To me, all art is abstraction. An author’s ideas are filtered through their own experiences and knowledge and put on the page in the shape of a story. So while there is a general recognizable shape container, the content is as unique as the writer. The story is then filtered through the publishing industry and a monetary value is placed upon it and it is marketed in a category the genre. Then readers make decisions to buy based on these categories and ‘hearsay’ in the form of reviews.  It is the reader’s investment in the genre boundaries that is sought by those who need to make their living out of selling books, and this is where the subjective opinions merge with the objective financial markets.

So Why Write Genre Fiction?

But genre boundaries are clearly not just financial. Somehow, literary fiction has become better regarded that genre fiction through some value that is not based on how many copies are sold or how much money is earned by the publishing industry. Gaiman hints at this by explaining that what people say they read publicly may be different from the books on their bedside tables. I asked a friend what she thought the differences are and she told me that literary novels win prizes and sell long term, genre novels become short-lived commercial bestsellers. But, according to the author who was critiquing prose, if genre fiction is associated with inferior writing, how come it sells so well?
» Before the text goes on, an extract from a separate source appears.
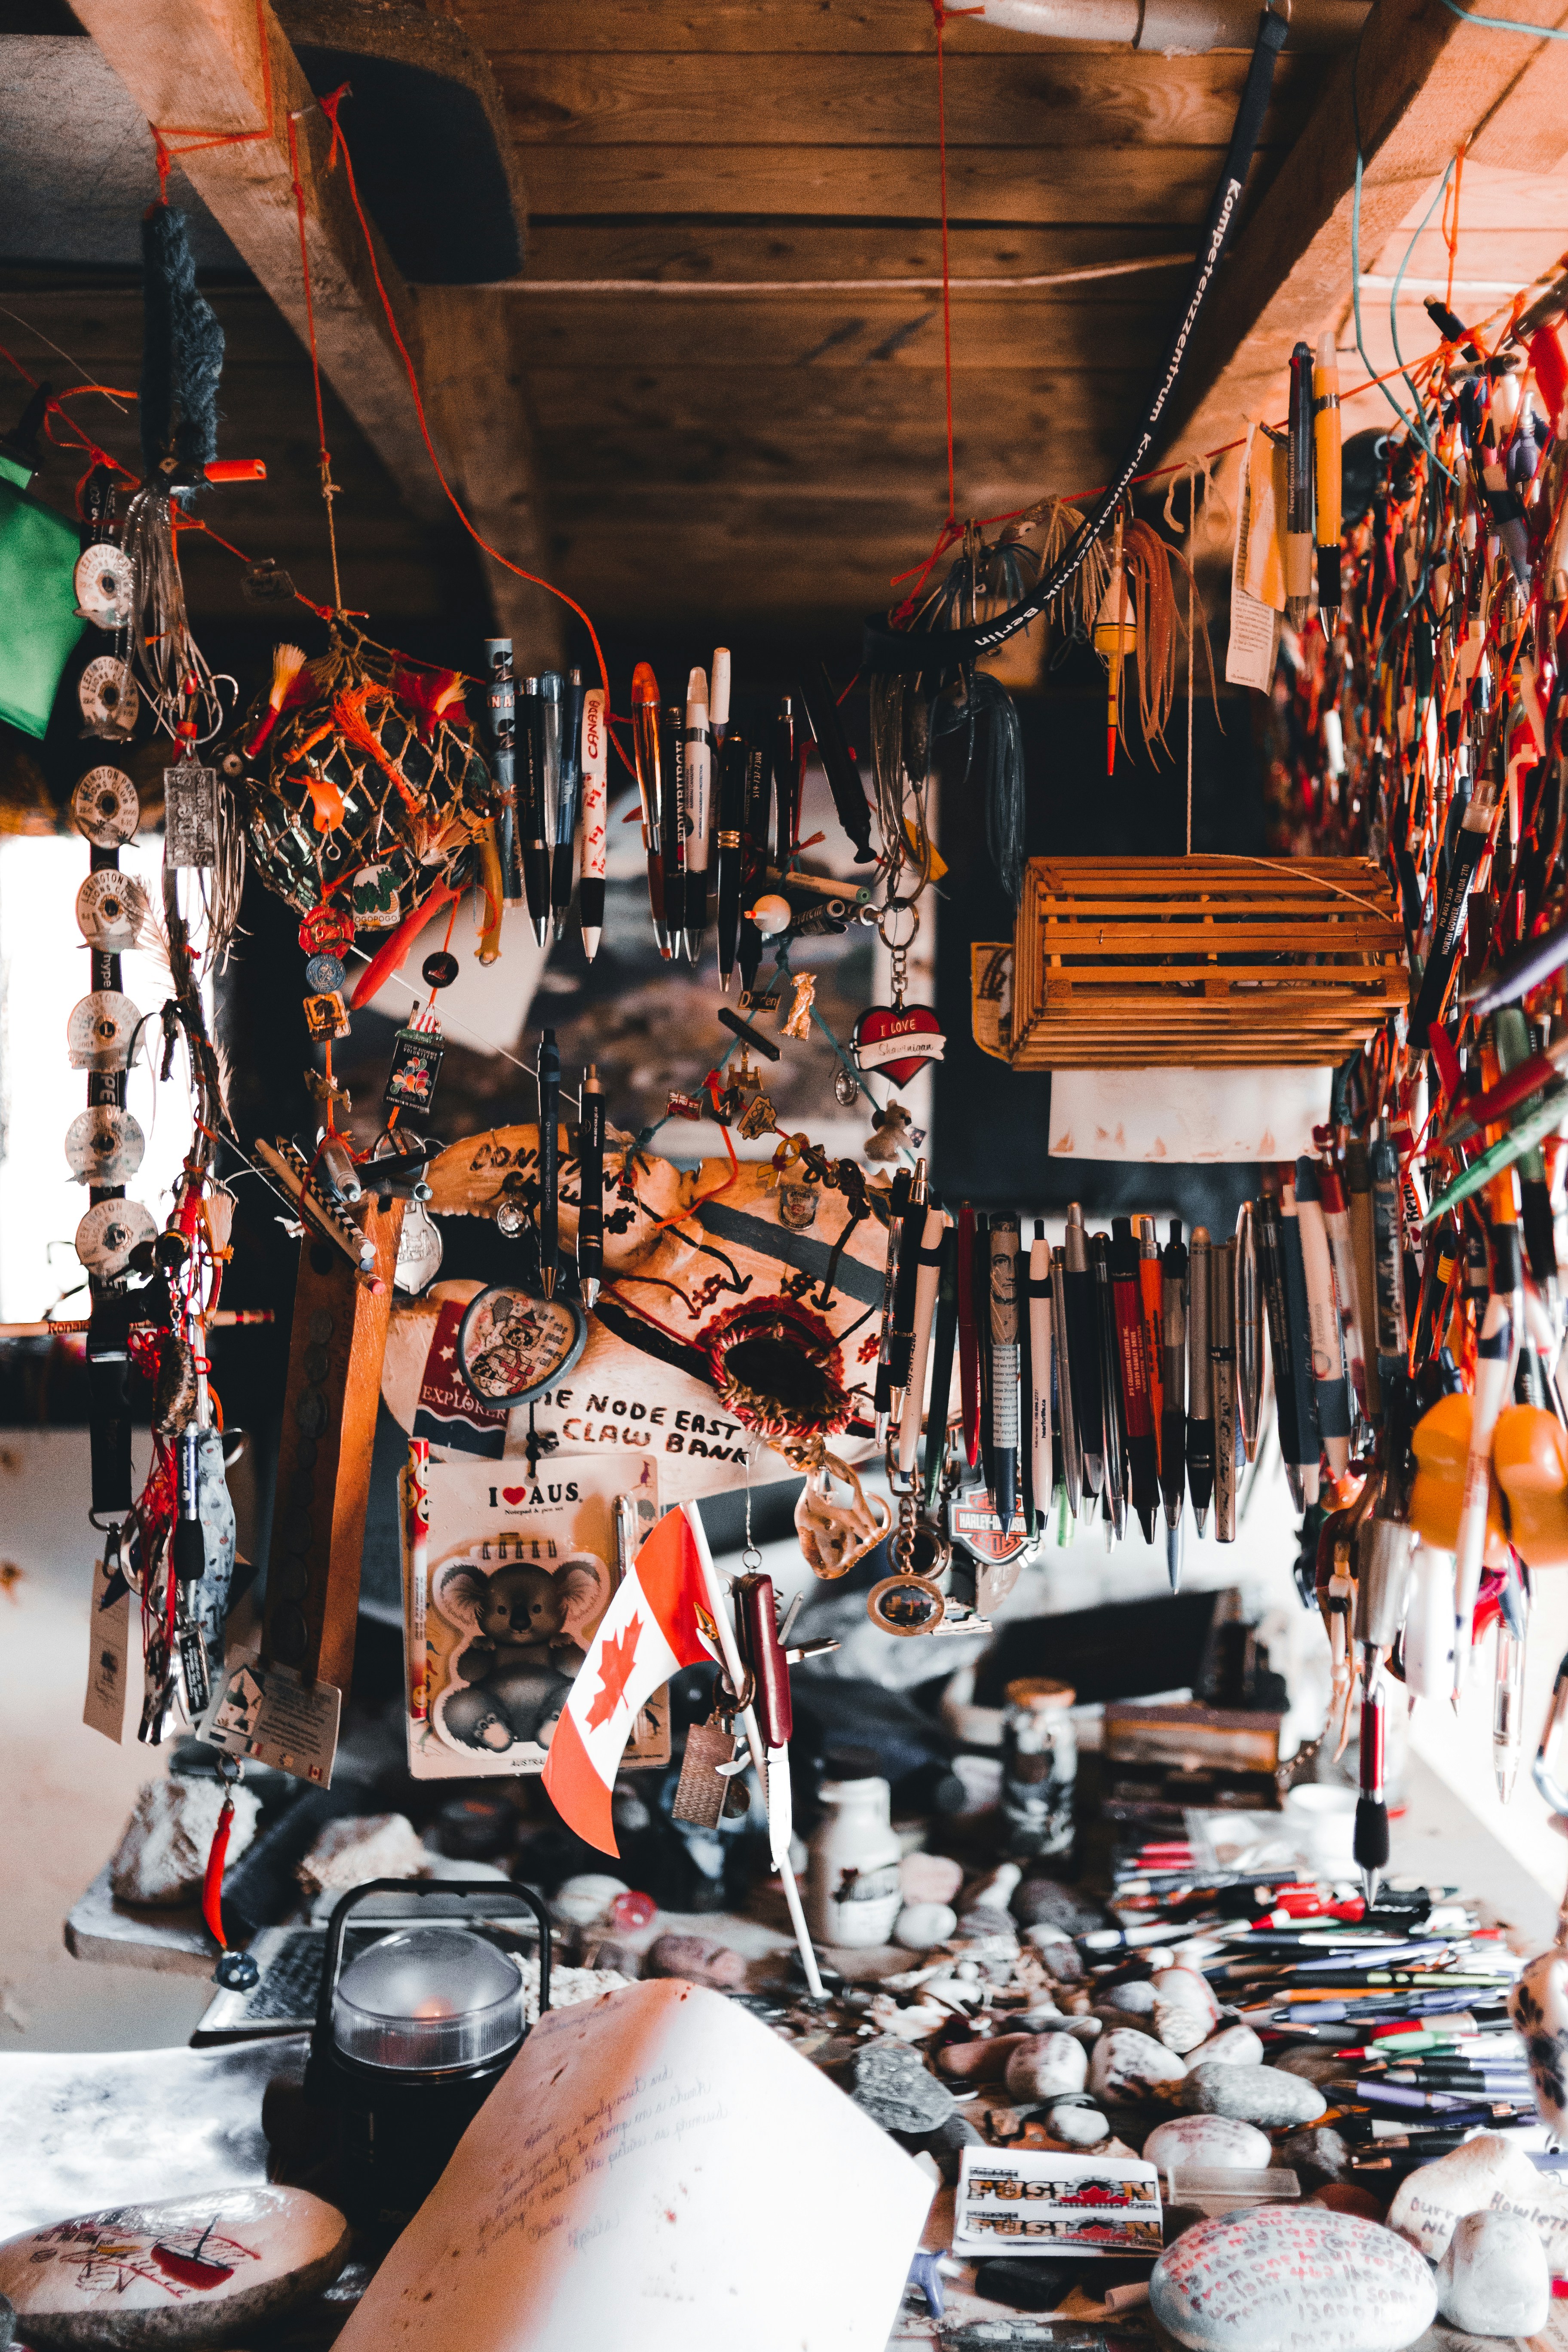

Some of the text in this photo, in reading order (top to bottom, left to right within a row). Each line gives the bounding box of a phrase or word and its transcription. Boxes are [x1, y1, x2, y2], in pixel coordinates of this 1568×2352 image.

No one could accuse Neil Gaiman and Kazuo Ishiguro, self confessed genre fiction writers, of inferior writing.

Any author who has entered the publishing industry and tried to sell their work knows which genre their writing falls into. So, if literary fiction is perceived as ‘better’ than genre fiction, why do so many authors still write genre fiction? I would contend that, on the outset of the artistic process we don’t choose; it is what it is, and we take our chances, hoping that all art is equal and that our worst fears, that some unkind bully will single our eight year old self out in front of our classmates and point and shout that our poem is stupid and rubbish, or that on reading an excerpt of your fantasy novel at a writing group, the silence falls upon the literary gathering and no one will ever make eye contact with you again, will never be realized.

Perhaps people who negatively criticize other other artists on the basis if genre really mean that they think that the writing is not yet up to (their subjective) standard, which is different to genre snobbery but still public shaming? Or perhaps they really are invested in the financially constructed values of literary fiction and genre fiction, and money has won over art to the extent that they have to be unkind to gain the advantage? Or maybe they are just power crazy bullies?
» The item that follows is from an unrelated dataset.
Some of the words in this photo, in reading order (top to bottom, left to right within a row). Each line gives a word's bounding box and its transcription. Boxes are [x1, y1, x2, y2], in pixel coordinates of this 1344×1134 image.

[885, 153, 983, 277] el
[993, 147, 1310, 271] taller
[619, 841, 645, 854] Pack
Joshua Rothman gives a historical view of genre boundaries here,  using the novel Station Eleven by Emily St John Mandel as a convincing example of the literary fiction vs genre fiction debate and the Gaiman and Ishiguro excerpt is here.

So Who Decides?

It’s clear that the market partially decides the genre, and although there are small breakthroughs that may change that, for example self-publishing and the relatively new YA genre, the genre boundaries are stable. The non-financial genre boundary values are a subject for another blog, but in the meantime the well worn phrase “if you can’t say anything nice, don’t say anything at all” springs to mind.

For the record, I write speculative fiction and crime fiction, both under the category of genre fiction and I’m proud of it. I read both ‘literary fiction’ and ‘genre fiction’ and enjoy ‘all fiction’.